• **INSTRUCTIONS FOR THE TASK**: Copy all of the material below, line for line.

>>>>

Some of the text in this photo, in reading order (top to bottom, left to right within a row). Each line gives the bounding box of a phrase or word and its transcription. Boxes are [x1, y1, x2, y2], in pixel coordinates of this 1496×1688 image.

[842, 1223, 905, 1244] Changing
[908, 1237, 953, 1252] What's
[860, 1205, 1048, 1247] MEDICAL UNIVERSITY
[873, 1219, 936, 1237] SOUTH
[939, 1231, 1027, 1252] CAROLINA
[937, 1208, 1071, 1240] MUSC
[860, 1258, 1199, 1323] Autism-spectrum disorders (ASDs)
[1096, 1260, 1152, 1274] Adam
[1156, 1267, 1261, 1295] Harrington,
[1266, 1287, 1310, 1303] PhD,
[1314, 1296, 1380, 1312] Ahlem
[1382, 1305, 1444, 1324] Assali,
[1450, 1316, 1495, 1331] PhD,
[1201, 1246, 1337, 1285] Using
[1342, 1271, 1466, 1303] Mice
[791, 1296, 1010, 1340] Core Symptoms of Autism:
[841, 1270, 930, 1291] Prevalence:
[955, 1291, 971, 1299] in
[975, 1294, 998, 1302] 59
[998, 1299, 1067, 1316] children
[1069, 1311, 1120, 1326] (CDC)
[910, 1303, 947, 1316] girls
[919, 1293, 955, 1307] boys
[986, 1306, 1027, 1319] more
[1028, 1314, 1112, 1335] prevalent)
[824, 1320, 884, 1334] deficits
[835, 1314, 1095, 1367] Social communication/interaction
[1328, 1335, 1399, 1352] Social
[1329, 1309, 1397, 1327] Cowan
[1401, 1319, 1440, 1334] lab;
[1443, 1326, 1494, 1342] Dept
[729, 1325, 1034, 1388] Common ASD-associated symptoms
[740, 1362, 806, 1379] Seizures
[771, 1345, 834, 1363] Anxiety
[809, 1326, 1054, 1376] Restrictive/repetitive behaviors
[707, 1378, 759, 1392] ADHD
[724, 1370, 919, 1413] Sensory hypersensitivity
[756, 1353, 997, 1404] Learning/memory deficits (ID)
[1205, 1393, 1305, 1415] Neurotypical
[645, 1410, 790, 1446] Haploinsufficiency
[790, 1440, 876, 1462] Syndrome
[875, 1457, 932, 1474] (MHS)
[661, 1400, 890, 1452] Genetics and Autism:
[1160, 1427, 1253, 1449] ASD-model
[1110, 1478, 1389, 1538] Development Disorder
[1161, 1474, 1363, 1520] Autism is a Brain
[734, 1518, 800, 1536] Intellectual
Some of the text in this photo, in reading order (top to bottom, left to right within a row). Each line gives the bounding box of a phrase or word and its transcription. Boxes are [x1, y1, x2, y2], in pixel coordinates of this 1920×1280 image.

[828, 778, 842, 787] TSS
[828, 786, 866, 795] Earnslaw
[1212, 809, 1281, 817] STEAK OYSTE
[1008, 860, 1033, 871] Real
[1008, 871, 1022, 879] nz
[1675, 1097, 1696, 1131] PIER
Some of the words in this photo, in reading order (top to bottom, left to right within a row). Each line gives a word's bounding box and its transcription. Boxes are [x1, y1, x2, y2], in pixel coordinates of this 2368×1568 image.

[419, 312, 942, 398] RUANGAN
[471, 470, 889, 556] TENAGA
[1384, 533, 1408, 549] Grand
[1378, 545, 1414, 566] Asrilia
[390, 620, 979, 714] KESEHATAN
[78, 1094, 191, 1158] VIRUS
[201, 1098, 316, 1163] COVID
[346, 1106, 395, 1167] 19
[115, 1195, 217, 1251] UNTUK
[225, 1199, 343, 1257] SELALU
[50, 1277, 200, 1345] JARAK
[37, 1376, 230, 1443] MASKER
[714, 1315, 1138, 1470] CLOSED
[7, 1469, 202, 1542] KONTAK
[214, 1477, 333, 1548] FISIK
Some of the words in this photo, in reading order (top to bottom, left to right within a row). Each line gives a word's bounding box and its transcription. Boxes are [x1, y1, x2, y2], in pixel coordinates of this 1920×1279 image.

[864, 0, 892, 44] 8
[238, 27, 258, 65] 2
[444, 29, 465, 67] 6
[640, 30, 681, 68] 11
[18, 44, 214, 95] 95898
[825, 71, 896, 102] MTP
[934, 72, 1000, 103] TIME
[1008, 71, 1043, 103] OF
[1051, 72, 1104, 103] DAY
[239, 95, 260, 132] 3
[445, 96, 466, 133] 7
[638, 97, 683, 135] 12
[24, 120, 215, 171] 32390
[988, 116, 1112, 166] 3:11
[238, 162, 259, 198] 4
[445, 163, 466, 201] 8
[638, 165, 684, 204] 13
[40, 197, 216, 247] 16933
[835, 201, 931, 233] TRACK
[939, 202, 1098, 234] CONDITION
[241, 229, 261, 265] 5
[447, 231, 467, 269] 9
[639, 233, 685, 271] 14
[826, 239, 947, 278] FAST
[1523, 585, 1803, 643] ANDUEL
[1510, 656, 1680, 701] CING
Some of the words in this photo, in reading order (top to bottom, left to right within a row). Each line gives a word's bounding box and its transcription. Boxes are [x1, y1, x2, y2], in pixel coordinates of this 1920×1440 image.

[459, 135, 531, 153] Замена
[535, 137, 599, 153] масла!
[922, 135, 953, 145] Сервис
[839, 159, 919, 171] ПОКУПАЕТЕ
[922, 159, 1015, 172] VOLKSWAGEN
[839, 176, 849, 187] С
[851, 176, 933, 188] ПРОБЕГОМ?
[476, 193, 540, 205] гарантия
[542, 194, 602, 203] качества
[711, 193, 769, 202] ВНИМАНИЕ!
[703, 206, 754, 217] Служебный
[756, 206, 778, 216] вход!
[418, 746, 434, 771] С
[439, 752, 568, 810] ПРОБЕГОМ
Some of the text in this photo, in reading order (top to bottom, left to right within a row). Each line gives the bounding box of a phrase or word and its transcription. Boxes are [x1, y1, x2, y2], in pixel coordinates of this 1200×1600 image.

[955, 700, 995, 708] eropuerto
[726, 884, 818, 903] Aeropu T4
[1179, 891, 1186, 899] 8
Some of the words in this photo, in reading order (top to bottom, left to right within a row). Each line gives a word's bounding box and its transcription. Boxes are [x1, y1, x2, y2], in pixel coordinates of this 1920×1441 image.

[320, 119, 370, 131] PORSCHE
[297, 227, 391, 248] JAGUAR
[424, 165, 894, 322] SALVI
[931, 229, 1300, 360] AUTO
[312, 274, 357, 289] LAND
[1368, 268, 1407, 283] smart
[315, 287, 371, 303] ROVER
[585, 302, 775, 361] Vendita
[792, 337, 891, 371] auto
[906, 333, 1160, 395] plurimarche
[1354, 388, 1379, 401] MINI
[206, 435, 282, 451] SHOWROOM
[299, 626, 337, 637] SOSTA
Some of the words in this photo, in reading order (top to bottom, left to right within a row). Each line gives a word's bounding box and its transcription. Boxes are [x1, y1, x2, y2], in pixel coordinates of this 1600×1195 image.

<<<<

• **RESULT BELOW**:
Some of the text in this photo, in reading order (top to bottom, left to right within a row). Each line gives the bounding box of a phrase or word and its transcription. Boxes are [x1, y1, x2, y2], in pixel coordinates of this 1496×1688 image.

[842, 1223, 905, 1244] Changing
[908, 1237, 953, 1252] What's
[860, 1205, 1048, 1247] MEDICAL UNIVERSITY
[873, 1219, 936, 1237] SOUTH
[939, 1231, 1027, 1252] CAROLINA
[937, 1208, 1071, 1240] MUSC
[860, 1258, 1199, 1323] Autism-spectrum disorders (ASDs)
[1096, 1260, 1152, 1274] Adam
[1156, 1267, 1261, 1295] Harrington,
[1266, 1287, 1310, 1303] PhD,
[1314, 1296, 1380, 1312] Ahlem
[1382, 1305, 1444, 1324] Assali,
[1450, 1316, 1495, 1331] PhD,
[1201, 1246, 1337, 1285] Using
[1342, 1271, 1466, 1303] Mice
[791, 1296, 1010, 1340] Core Symptoms of Autism:
[841, 1270, 930, 1291] Prevalence:
[955, 1291, 971, 1299] in
[975, 1294, 998, 1302] 59
[998, 1299, 1067, 1316] children
[1069, 1311, 1120, 1326] (CDC)
[910, 1303, 947, 1316] girls
[919, 1293, 955, 1307] boys
[986, 1306, 1027, 1319] more
[1028, 1314, 1112, 1335] prevalent)
[824, 1320, 884, 1334] deficits
[835, 1314, 1095, 1367] Social communication/interaction
[1328, 1335, 1399, 1352] Social
[1329, 1309, 1397, 1327] Cowan
[1401, 1319, 1440, 1334] lab;
[1443, 1326, 1494, 1342] Dept
[729, 1325, 1034, 1388] Common ASD-associated symptoms
[740, 1362, 806, 1379] Seizures
[771, 1345, 834, 1363] Anxiety
[809, 1326, 1054, 1376] Restrictive/repetitive behaviors
[707, 1378, 759, 1392] ADHD
[724, 1370, 919, 1413] Sensory hypersensitivity
[756, 1353, 997, 1404] Learning/memory deficits (ID)
[1205, 1393, 1305, 1415] Neurotypical
[645, 1410, 790, 1446] Haploinsufficiency
[790, 1440, 876, 1462] Syndrome
[875, 1457, 932, 1474] (MHS)
[661, 1400, 890, 1452] Genetics and Autism:
[1160, 1427, 1253, 1449] ASD-model
[1110, 1478, 1389, 1538] Development Disorder
[1161, 1474, 1363, 1520] Autism is a Brain
[734, 1518, 800, 1536] Intellectual
Some of the text in this photo, in reading order (top to bottom, left to right within a row). Each line gives the bounding box of a phrase or word and its transcription. Boxes are [x1, y1, x2, y2], in pixel coordinates of this 1920×1280 image.

[828, 778, 842, 787] TSS
[828, 786, 866, 795] Earnslaw
[1212, 809, 1281, 817] STEAK OYSTE
[1008, 860, 1033, 871] Real
[1008, 871, 1022, 879] nz
[1675, 1097, 1696, 1131] PIER
Some of the words in this photo, in reading order (top to bottom, left to right within a row). Each line gives a word's bounding box and its transcription. Boxes are [x1, y1, x2, y2], in pixel coordinates of this 2368×1568 image.

[419, 312, 942, 398] RUANGAN
[471, 470, 889, 556] TENAGA
[1384, 533, 1408, 549] Grand
[1378, 545, 1414, 566] Asrilia
[390, 620, 979, 714] KESEHATAN
[78, 1094, 191, 1158] VIRUS
[201, 1098, 316, 1163] COVID
[346, 1106, 395, 1167] 19
[115, 1195, 217, 1251] UNTUK
[225, 1199, 343, 1257] SELALU
[50, 1277, 200, 1345] JARAK
[37, 1376, 230, 1443] MASKER
[714, 1315, 1138, 1470] CLOSED
[7, 1469, 202, 1542] KONTAK
[214, 1477, 333, 1548] FISIK
Some of the words in this photo, in reading order (top to bottom, left to right within a row). Each line gives a word's bounding box and its transcription. Boxes are [x1, y1, x2, y2], in pixel coordinates of this 1920×1279 image.

[864, 0, 892, 44] 8
[238, 27, 258, 65] 2
[444, 29, 465, 67] 6
[640, 30, 681, 68] 11
[18, 44, 214, 95] 95898
[825, 71, 896, 102] MTP
[934, 72, 1000, 103] TIME
[1008, 71, 1043, 103] OF
[1051, 72, 1104, 103] DAY
[239, 95, 260, 132] 3
[445, 96, 466, 133] 7
[638, 97, 683, 135] 12
[24, 120, 215, 171] 32390
[988, 116, 1112, 166] 3:11
[238, 162, 259, 198] 4
[445, 163, 466, 201] 8
[638, 165, 684, 204] 13
[40, 197, 216, 247] 16933
[835, 201, 931, 233] TRACK
[939, 202, 1098, 234] CONDITION
[241, 229, 261, 265] 5
[447, 231, 467, 269] 9
[639, 233, 685, 271] 14
[826, 239, 947, 278] FAST
[1523, 585, 1803, 643] ANDUEL
[1510, 656, 1680, 701] CING
Some of the words in this photo, in reading order (top to bottom, left to right within a row). Each line gives a word's bounding box and its transcription. Boxes are [x1, y1, x2, y2], in pixel coordinates of this 1920×1440 image.

[459, 135, 531, 153] Замена
[535, 137, 599, 153] масла!
[922, 135, 953, 145] Сервис
[839, 159, 919, 171] ПОКУПАЕТЕ
[922, 159, 1015, 172] VOLKSWAGEN
[839, 176, 849, 187] С
[851, 176, 933, 188] ПРОБЕГОМ?
[476, 193, 540, 205] гарантия
[542, 194, 602, 203] качества
[711, 193, 769, 202] ВНИМАНИЕ!
[703, 206, 754, 217] Служебный
[756, 206, 778, 216] вход!
[418, 746, 434, 771] С
[439, 752, 568, 810] ПРОБЕГОМ
Some of the text in this photo, in reading order (top to bottom, left to right within a row). Each line gives the bounding box of a phrase or word and its transcription. Boxes are [x1, y1, x2, y2], in pixel coordinates of this 1200×1600 image.

[955, 700, 995, 708] eropuerto
[726, 884, 818, 903] Aeropu T4
[1179, 891, 1186, 899] 8
Some of the words in this photo, in reading order (top to bottom, left to right within a row). Each line gives a word's bounding box and its transcription. Boxes are [x1, y1, x2, y2], in pixel coordinates of this 1920×1441 image.

[320, 119, 370, 131] PORSCHE
[297, 227, 391, 248] JAGUAR
[424, 165, 894, 322] SALVI
[931, 229, 1300, 360] AUTO
[312, 274, 357, 289] LAND
[1368, 268, 1407, 283] smart
[315, 287, 371, 303] ROVER
[585, 302, 775, 361] Vendita
[792, 337, 891, 371] auto
[906, 333, 1160, 395] plurimarche
[1354, 388, 1379, 401] MINI
[206, 435, 282, 451] SHOWROOM
[299, 626, 337, 637] SOSTA
Some of the words in this photo, in reading order (top to bottom, left to right within a row). Each line gives a word's bounding box and its transcription. Boxes are [x1, y1, x2, y2], in pixel coordinates of this 1600×1195 image.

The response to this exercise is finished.